UNE DECENNIE CONJUGUEE AU FEMININ
Parité, acquisition de la nationalité, criminalisation du viol entre 2010-2020
La loi sur la criminalisation du viol et de la pédophilie récemment promulguée par le président de la république est saluée par la quasi-totalité des acteurs politiques, membres de la société civile et associations féminines. Même si certains pensent que le législateur a cédé à la pression des femmes activistes, force est de constater pour autant que cette loi n’est que l’ultime acte d’une décennie où les femmes ont gagné des batailles pour leur émancipation.
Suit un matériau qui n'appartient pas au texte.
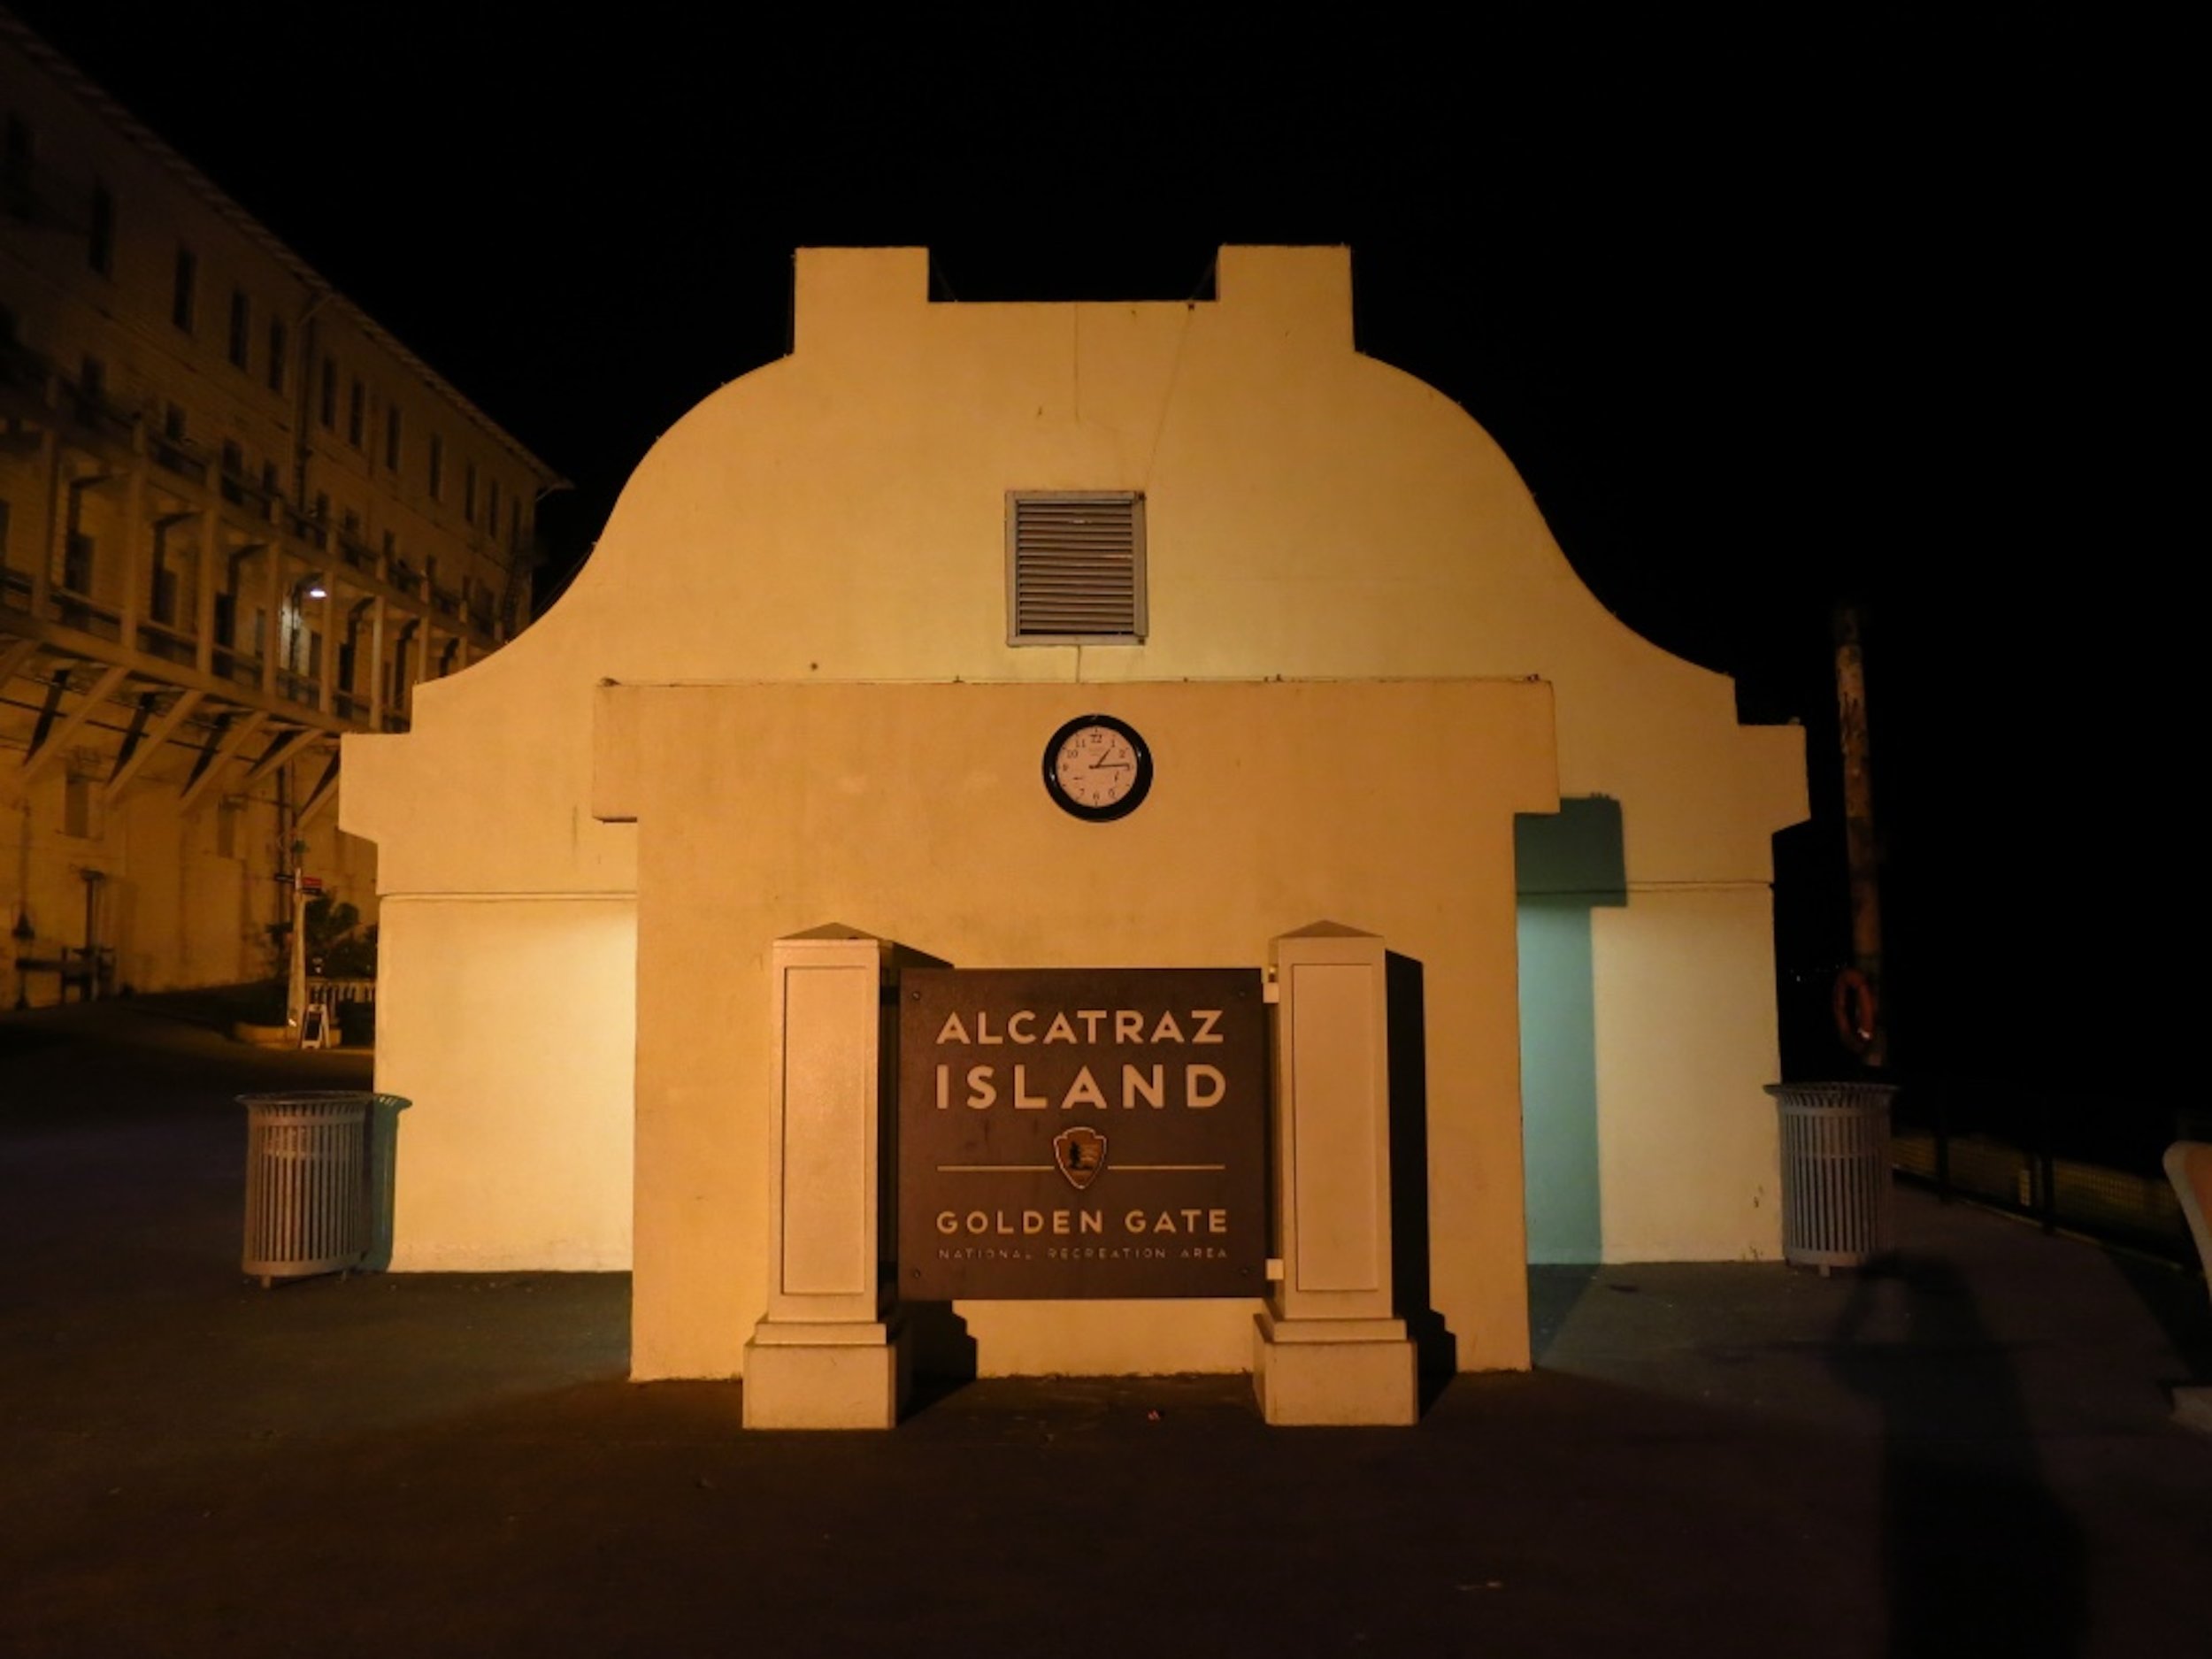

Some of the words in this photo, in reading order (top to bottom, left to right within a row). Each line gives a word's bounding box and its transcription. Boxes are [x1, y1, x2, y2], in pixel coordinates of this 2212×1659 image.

[935, 1010, 1225, 1045] ALCATRAZ
[935, 1064, 1226, 1110] ISLAND
[936, 1210, 1102, 1234] GOLDEN
[1124, 1209, 1228, 1234] GATE
[938, 1248, 1033, 1260] NATIONAL
[1048, 1247, 1167, 1260] RECREATION
[1179, 1247, 1228, 1259] AREA
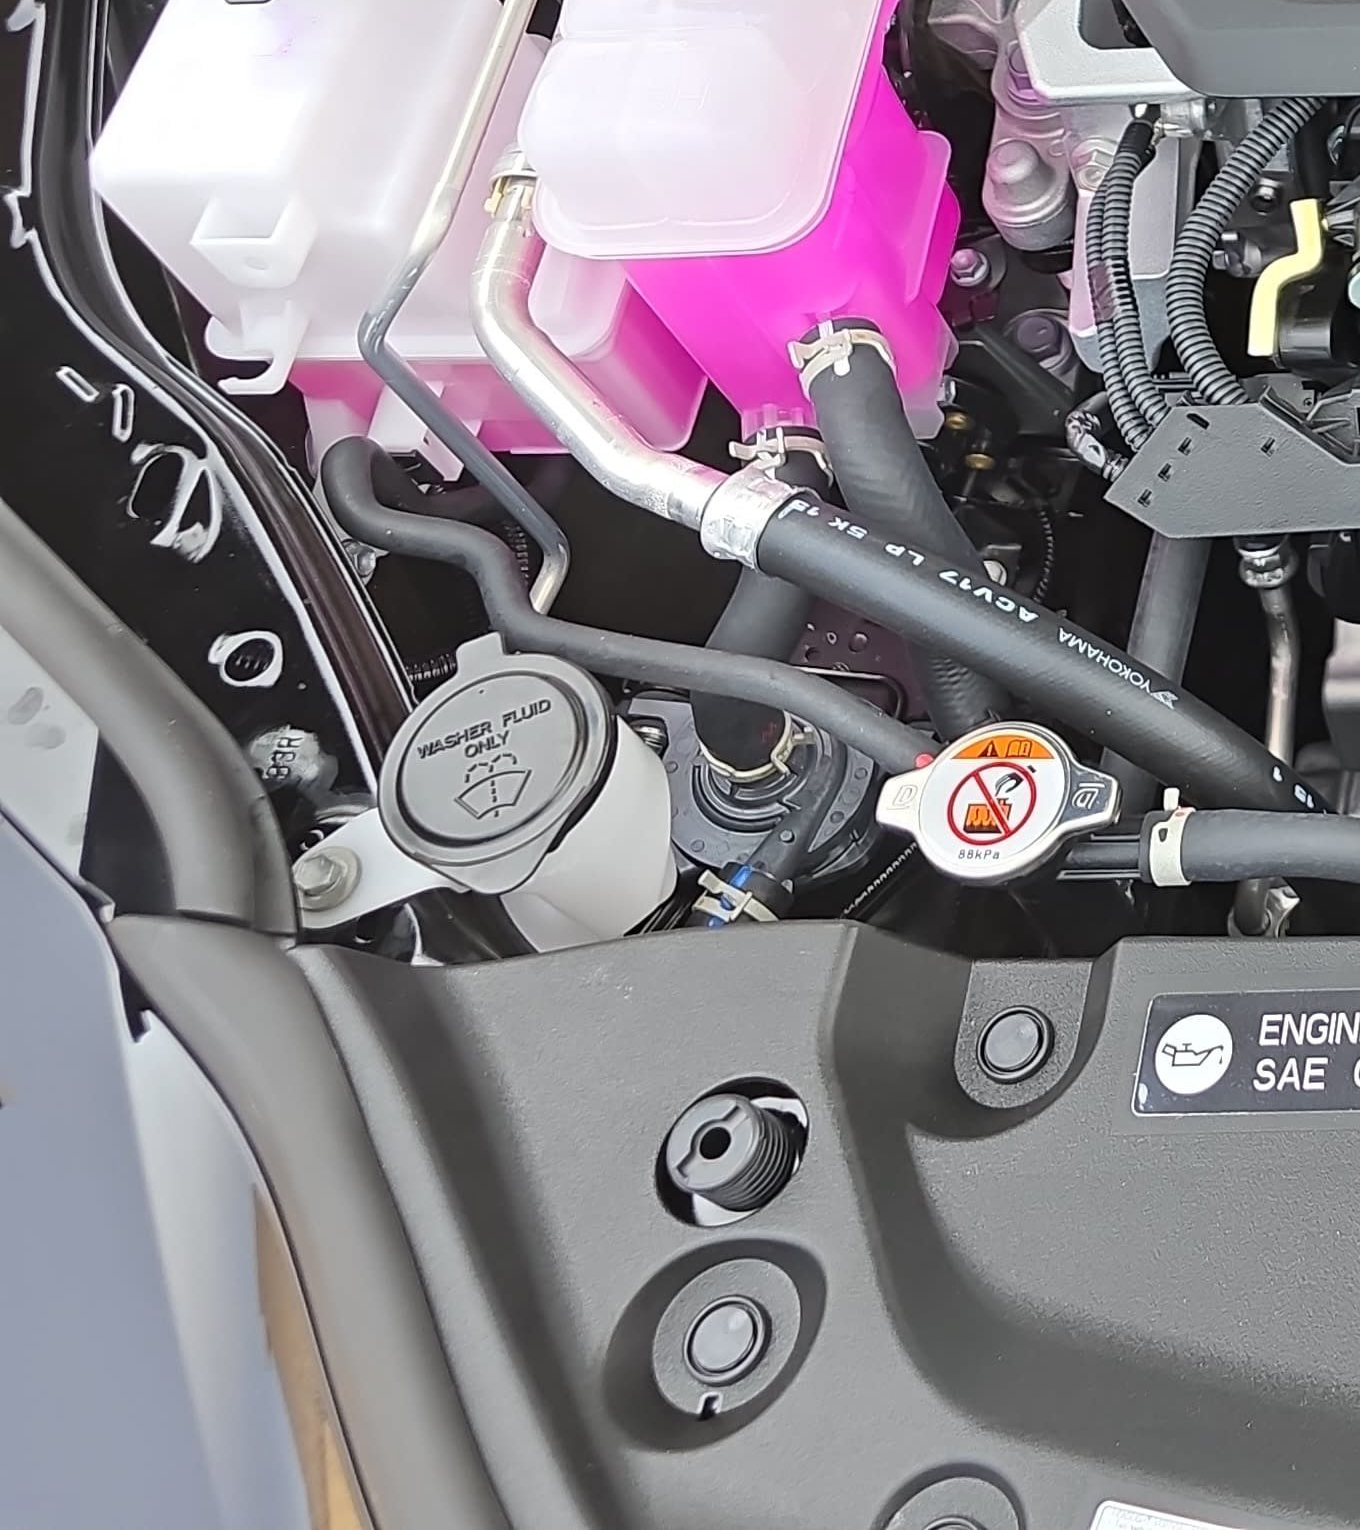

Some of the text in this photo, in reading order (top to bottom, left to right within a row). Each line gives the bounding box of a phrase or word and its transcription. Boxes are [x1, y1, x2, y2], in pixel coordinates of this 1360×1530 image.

[827, 516, 869, 540] 5K
[884, 542, 927, 567] LP
[938, 569, 1040, 623] ACV17
[1057, 627, 1152, 693] YOKOHAMA
[416, 698, 553, 761] WASHER FLUID
[463, 730, 512, 759] ONLY
[958, 848, 1001, 861] 88kPa
[1252, 1055, 1327, 1092] SAE
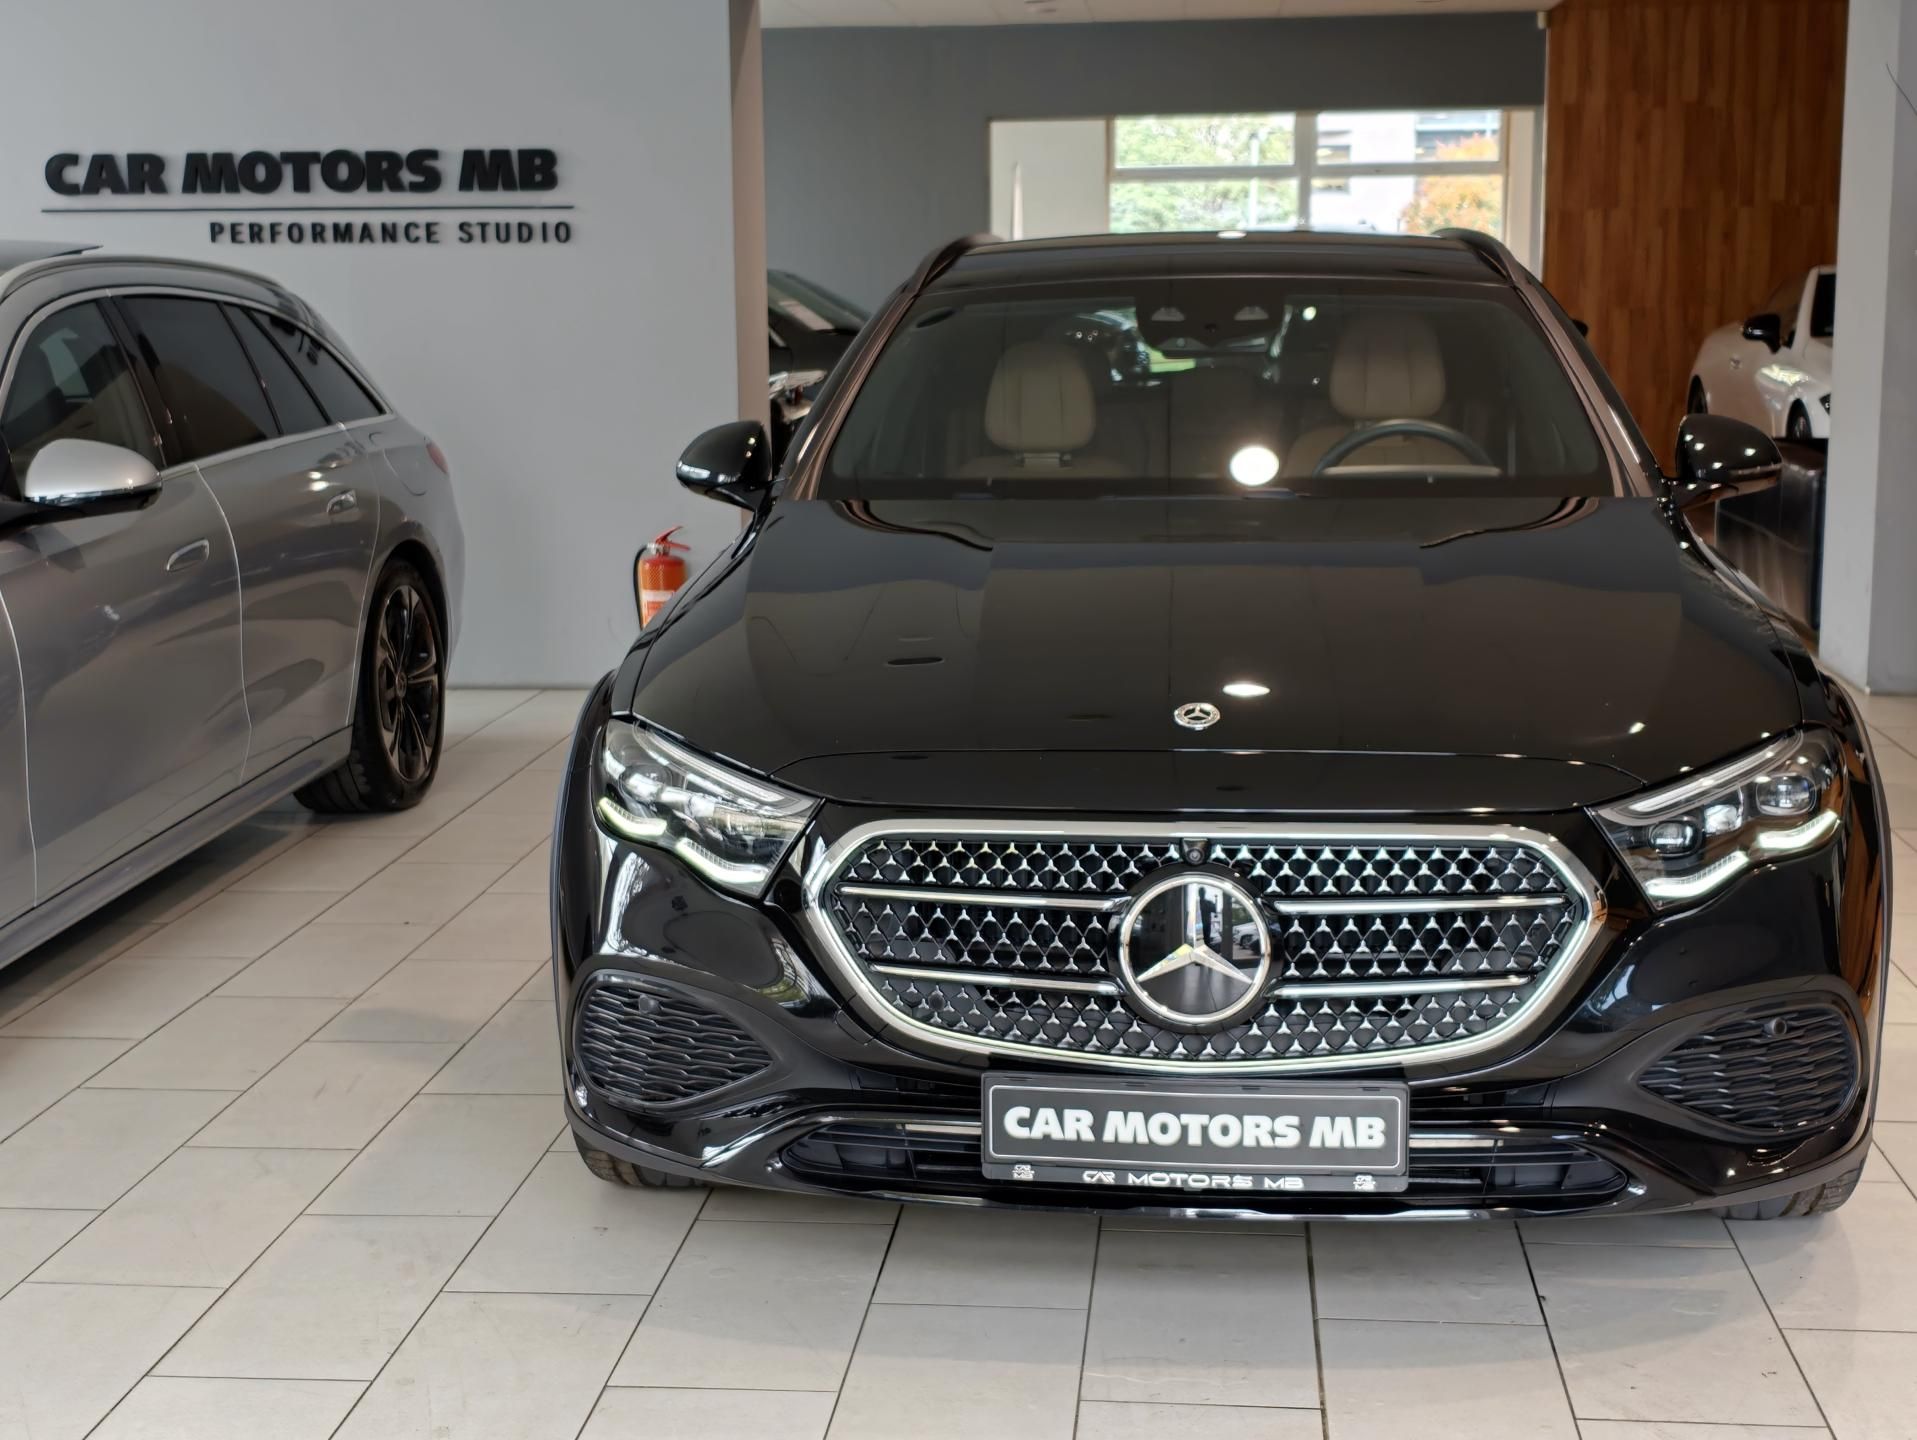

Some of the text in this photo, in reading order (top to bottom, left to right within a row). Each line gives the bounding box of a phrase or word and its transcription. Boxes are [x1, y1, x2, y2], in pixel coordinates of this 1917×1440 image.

[44, 148, 558, 196] CAR MOTORS MB
[209, 220, 572, 244] PERFORMANCE STUDIO
[1003, 1106, 1386, 1148] CAR MOTORS MB
[1082, 1170, 1305, 1190] CAR MOTORS MB
Vendredi 14 mai 2010. Malgré les rigueurs de la chaleur, des milliers de femmes, tout de blanc vêtues, ont marché de l’Assemblée nationale à l’avenue Léopold Sedar Senghor pour rendre hommage au président de la République de l’époque, Me Abdoulaye Wade. Et dans le comité d’organisation, il y avait les personnalités (féminines) des partis politiques toutes obédiences confondues comme Aminata Mbengue Ndiaye du Parti Socialiste et Mata Sy Diallo de l’Afp. Et malgré les divergences de son parti avec Me Abdoulaye Wade, l’ancienne progressiste lâche une phrase qui en dit long sur la solennité du moment : «Merci Président et c’est Mata Sy Diallo qui dit ça».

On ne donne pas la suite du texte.